On Feb. 28, Tesla had announced its cheapest car to date: a $35,000 version of its Model 3, which previously started at $42,000. In addition, the company cut the starting prices of eight versions of the Model S and Model X, dropping their prices by $12,000 to $18,000 less than before.

The dramatic price reduction may be great news for anyone hoping to buy a Tesla in the near future, but for Chinese people who already own one of the high-priced status symbols, it’s proving to be a difficult pill to swallow. Since Thursday, Chinese netizens have been bombarding Tesla’s official Weibo microblog with vitriol, accusing the company of not caring about its existing customers.

“I received a Model X on Feb. 25 and was [later] informed that the price had dropped by 174,300 yuan [$26,000]. I had only driven it for five days. How would you feel if you were in my position?” one Tesla owner claimed on Weibo, estimating that — including tariffs, interest on loans, and various taxes — he had probably overpaid for the car by 200,000 yuan. He complained that he wanted to return the vehicle.

Some unsatisfied customers even vowed to take legal action in response to the price cuts. Two Tesla owners in Wuhan, the capital of central Hubei province, sent a lawyer’s letter to the company’s offices in China — as well as to its mercurial CEO, Elon Musk — demanding that Tesla refund the price difference in order to “protect the old owners’ interests.”

Some netizens, however, have expressed doubts about whether the Tesla owners are entitled to their indignation. “The owners protest when the prices drop, [but] what would they do if the prices increased?” one netizen asked on Weibo. “It’s just like those who invested in China’s property market and protested when home prices dropped, because they missed the chance to take advantage of it.”

Tesla has yet to address the peeved patrons from its social media accounts in China, and the company had not responded to Sixth Tone’s interview request by time of publication on Monday.
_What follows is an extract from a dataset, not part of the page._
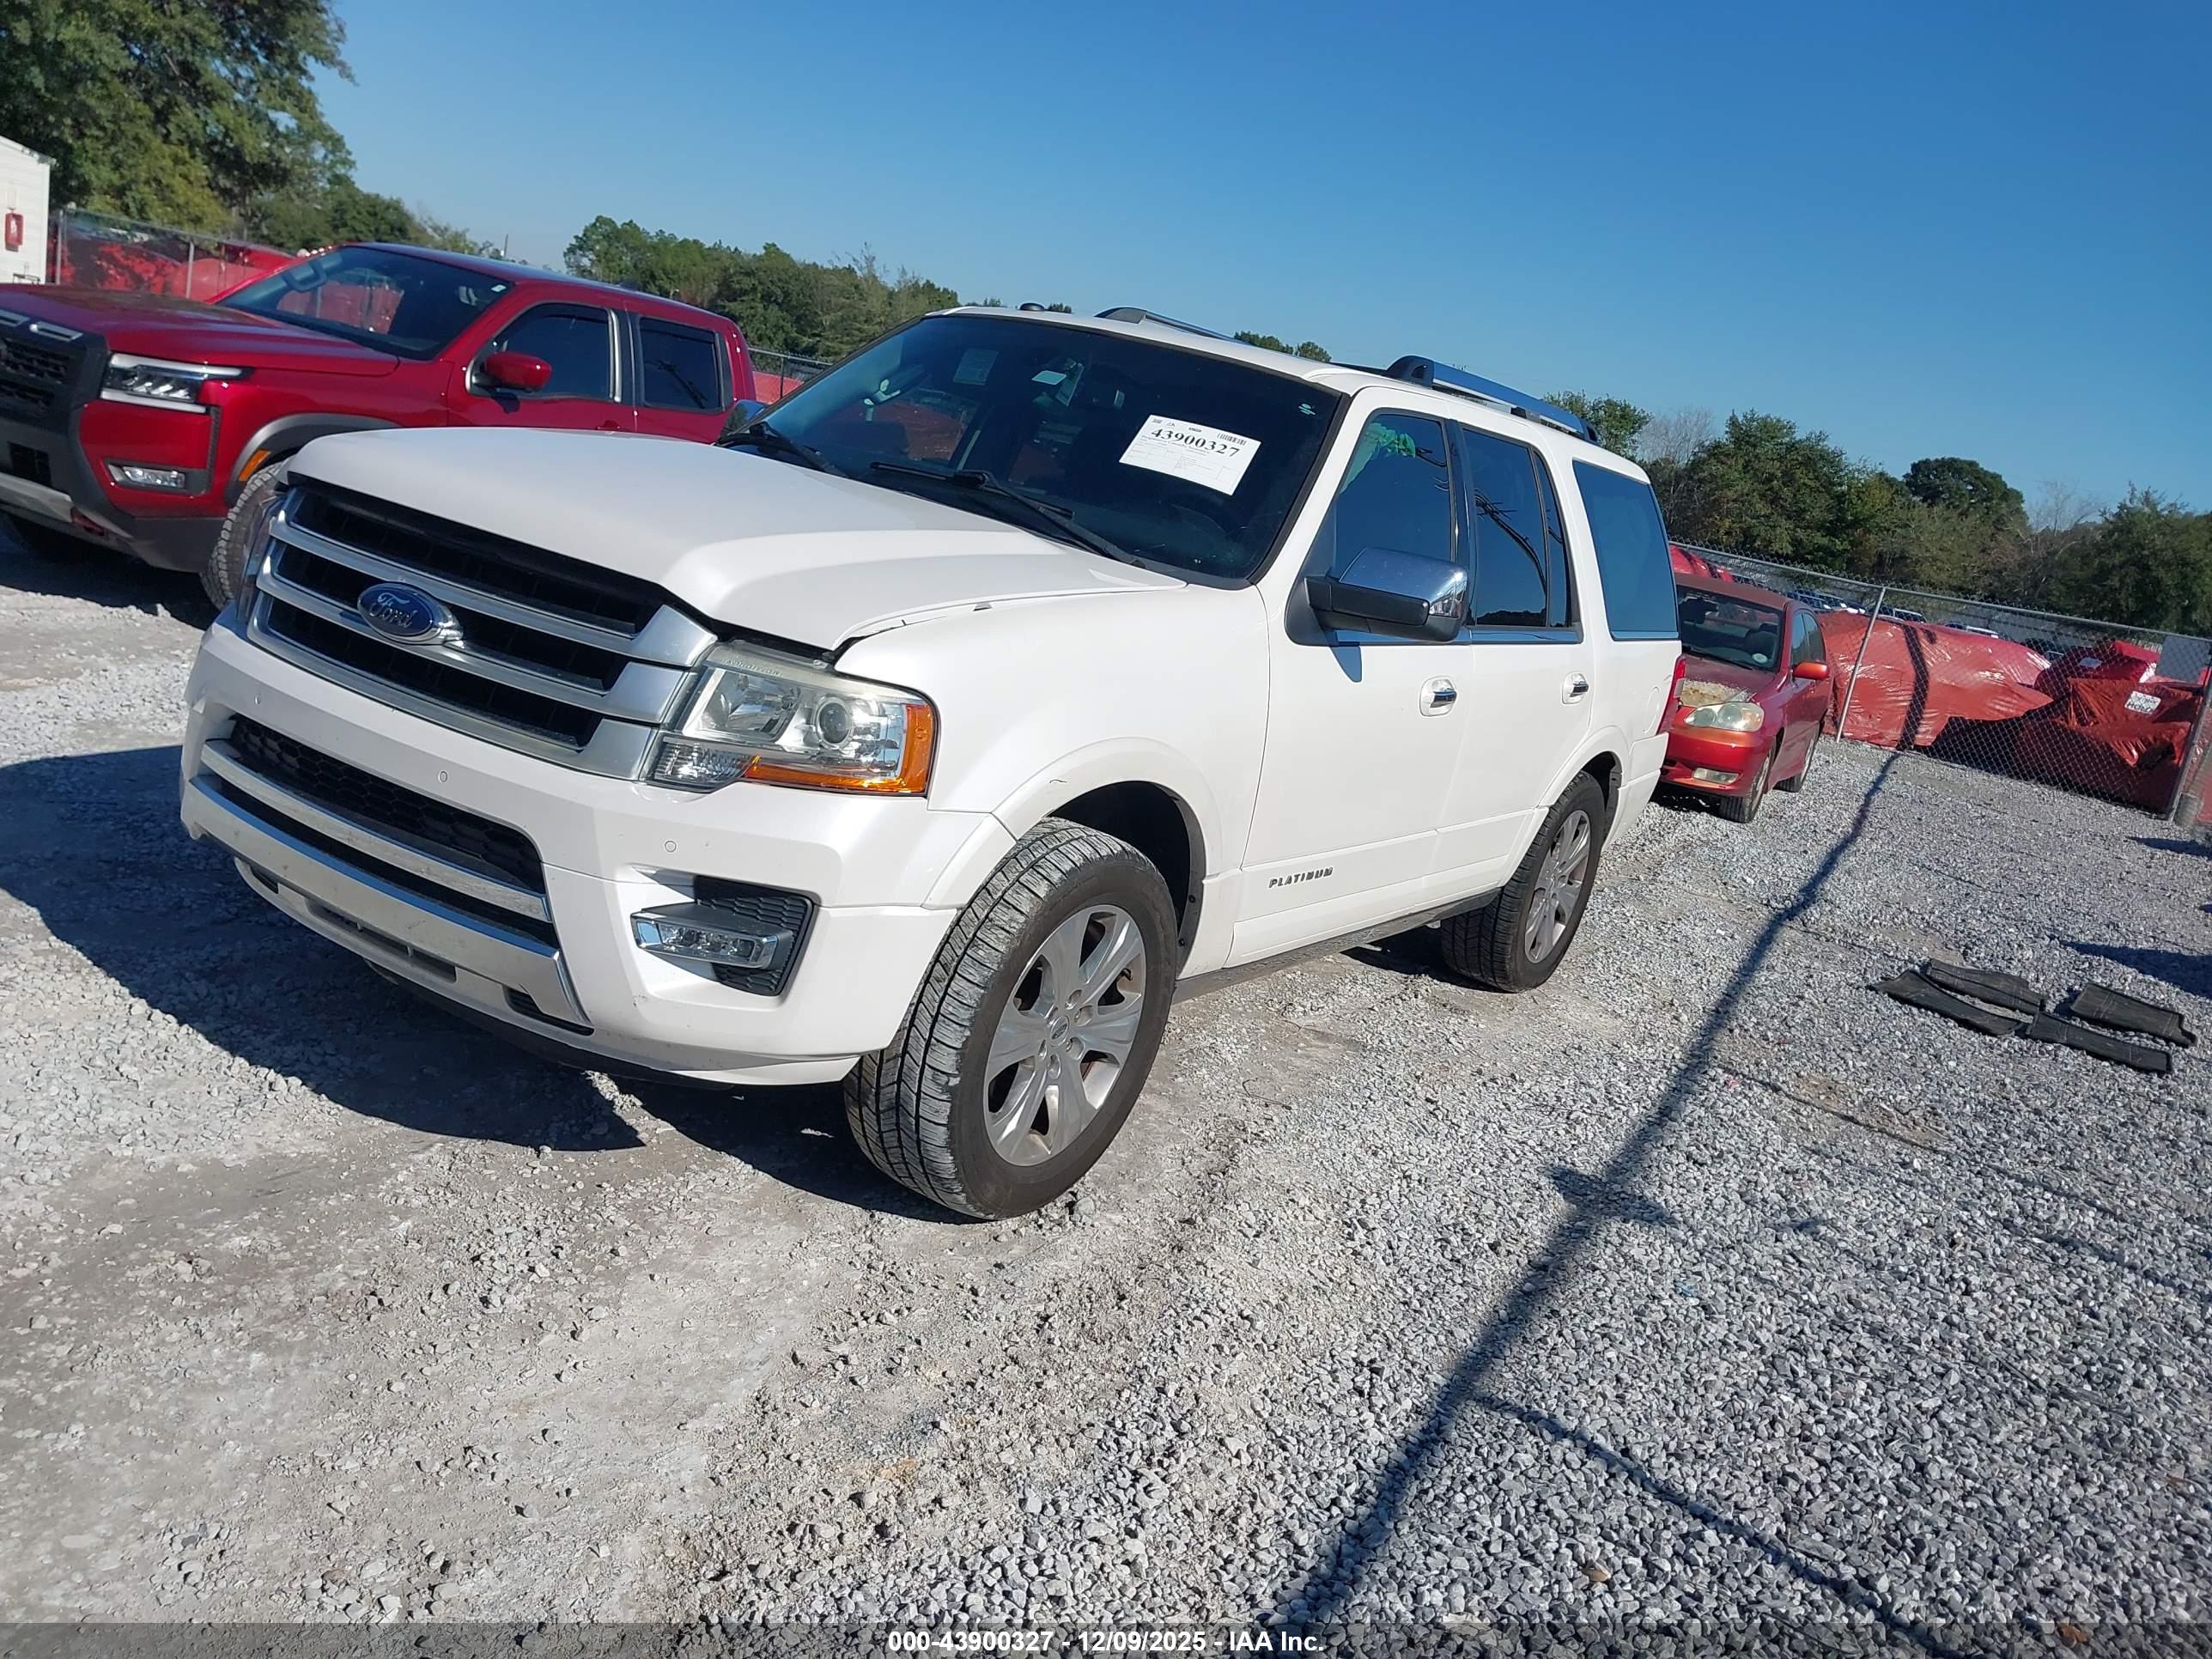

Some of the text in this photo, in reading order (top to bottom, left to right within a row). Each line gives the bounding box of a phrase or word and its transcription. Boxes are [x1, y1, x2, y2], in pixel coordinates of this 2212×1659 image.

[1151, 428, 1240, 457] 43900327
[369, 592, 418, 629] Ford
[1268, 866, 1334, 889] PLATINUM
However, Tesla announced Friday on its official website that any customers who had purchased a Tesla before the price decrease would be eligible for 50 percent discounts on either the Autopilot or Full Self-Driving upgrades.

This concession seems to have done little to placate the cantankerous customers. “It’s unacceptable,” one Tesla owner commented on Weibo. “So Tesla’s solution is just to ask us to keep buying their products but at a discount?”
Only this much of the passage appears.